Archaeologist vary in their estimates as to when writing first began. Some choose the date as early as 3500 B.C., although the oldest cuneiform tablets which can easily be read, are dated to the time of 2800 B.C. In light of the small number of the tablets dating earlier than 2800 B.C., many archaeologists believe writing began several hundred years later than 3500 B.C. or about 3000 B.C. This brings up the interesting problem of the earliest date for the existence of some of the Biblical documents. It is certainly possible that early portions of the Genesis account may have existed on clay tablets at the time Moses put them together as the book of Genesis.

 

ENDNOTES


[1] Henry M. Morris and John C. Whitcomb, The Genesis Flood
(Grand Rapids, Michigan: Baker Book House, 1961, 13th printing, 1970), p. 222.
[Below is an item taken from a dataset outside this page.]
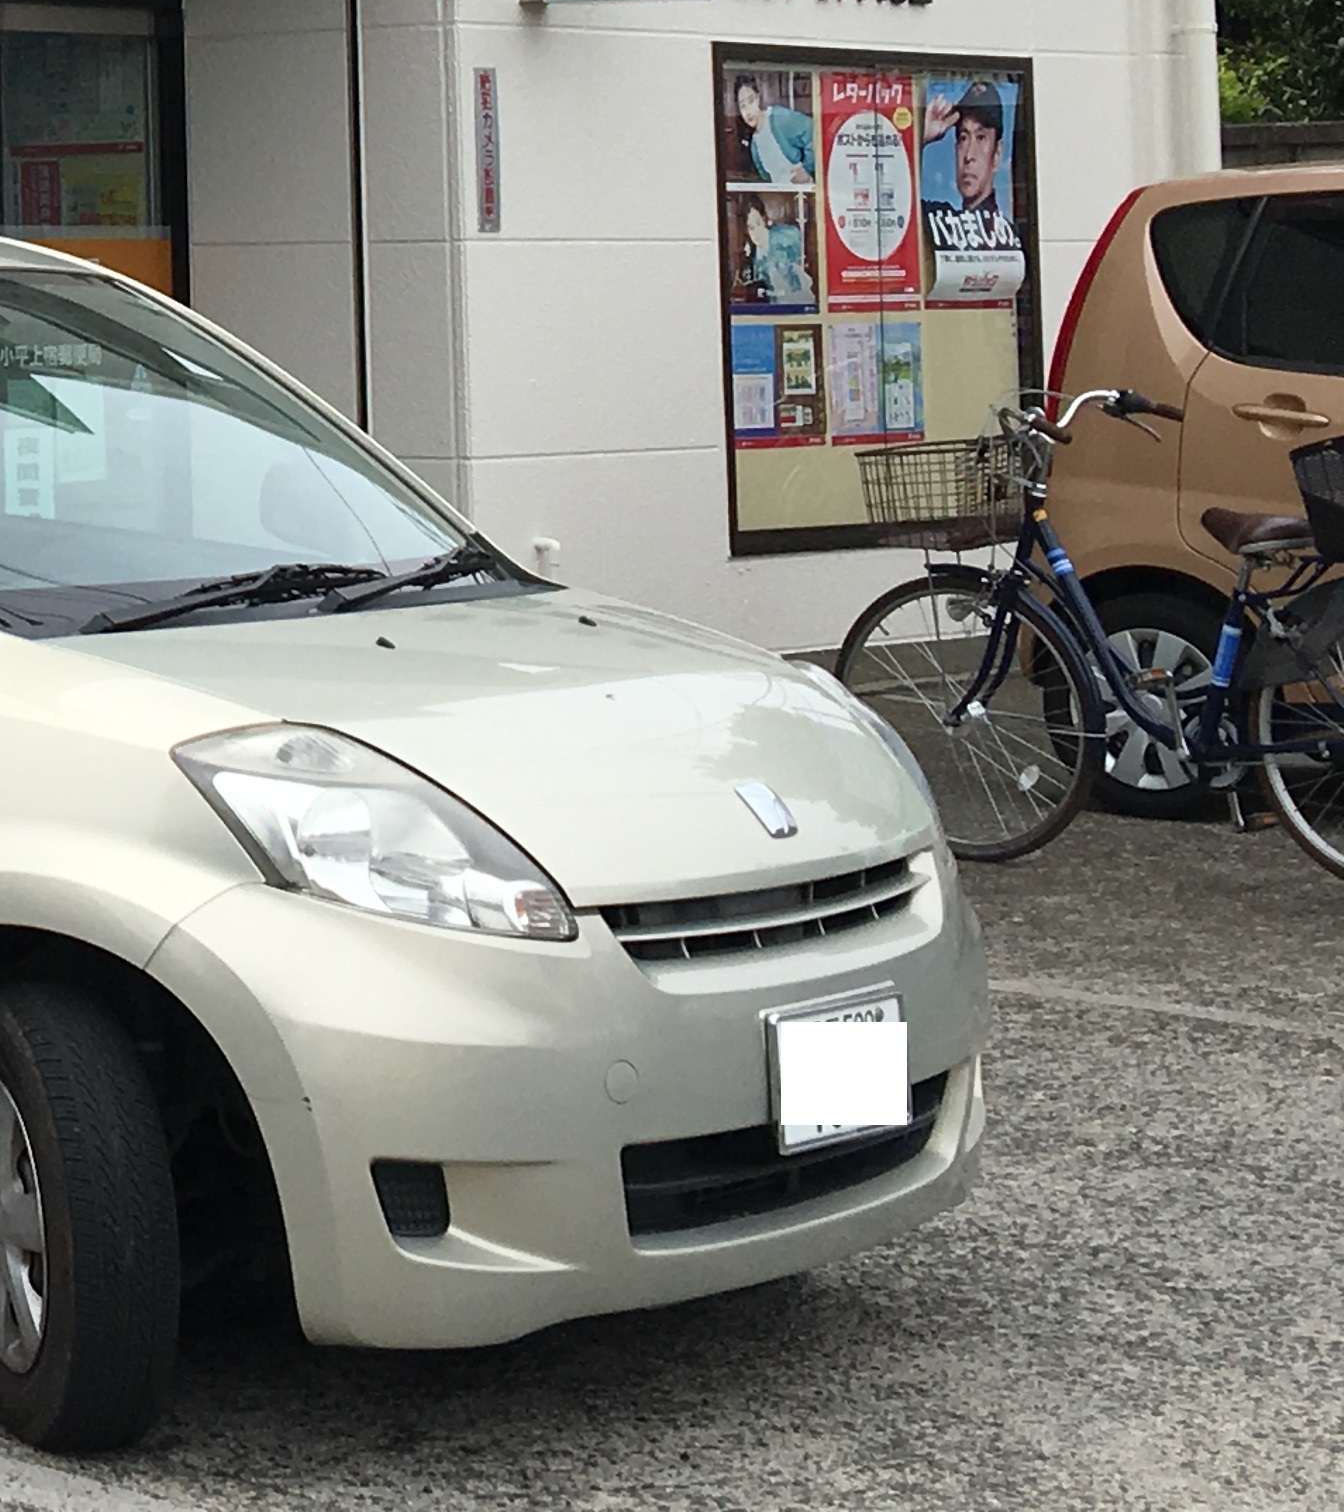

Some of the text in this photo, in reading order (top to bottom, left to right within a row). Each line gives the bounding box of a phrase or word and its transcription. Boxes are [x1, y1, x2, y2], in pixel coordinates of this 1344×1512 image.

[833, 81, 903, 104] レターパック
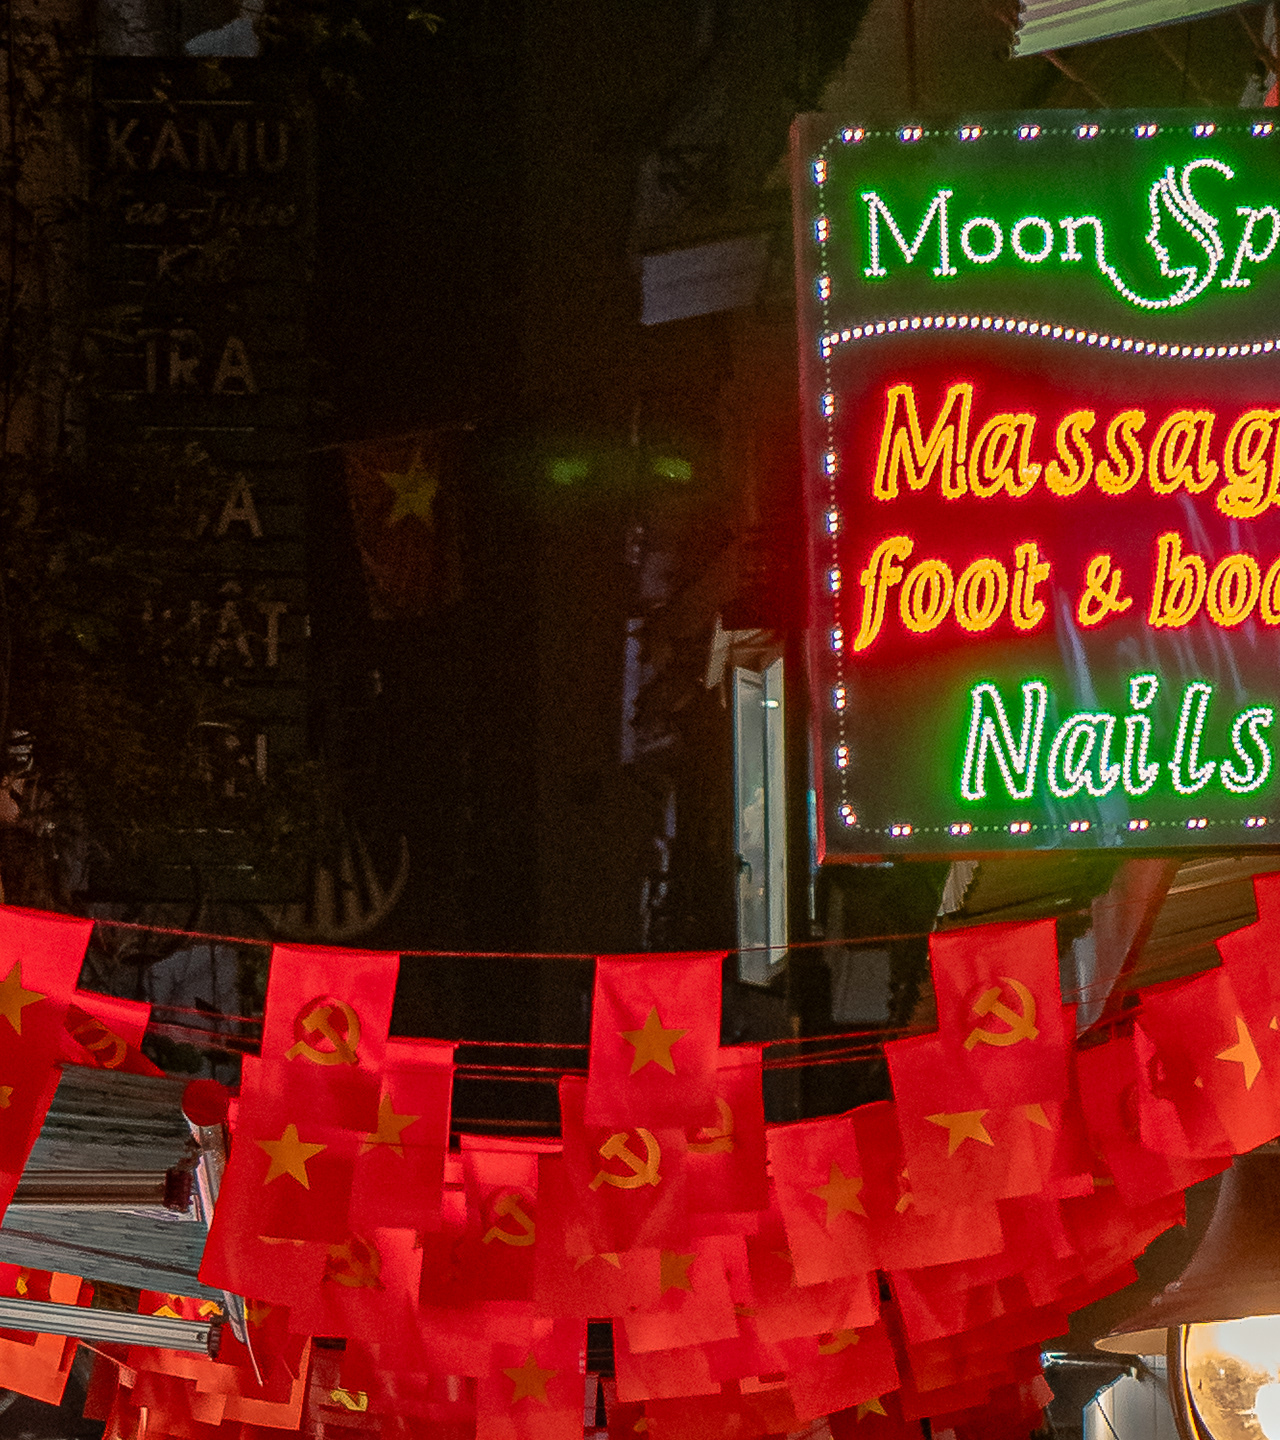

[2] Henry M. Morris, ed., Scientific Creationism, General Edition,
Prepared by the technical staff and consultants of the Institute of Creation Research,
(San Diego, California: Creation-Life Publishers, 1974, 3rd ed., 1976.), p. 213.

[3] Henry M. Morris, Science and the Bible,
Revised and Updated
(Chicago: Moody Press, 1986), pp. 72-74.

[4] William Foxwell Albright, From Stone Age to Christianity
(New York: Doubleday & Co., Inc., 1957), p. 32.

[5] M. B. Rowton, On the Cambridge Ancient History
(Cambridge: Cambridge University Press, 1964), pp. 57-58.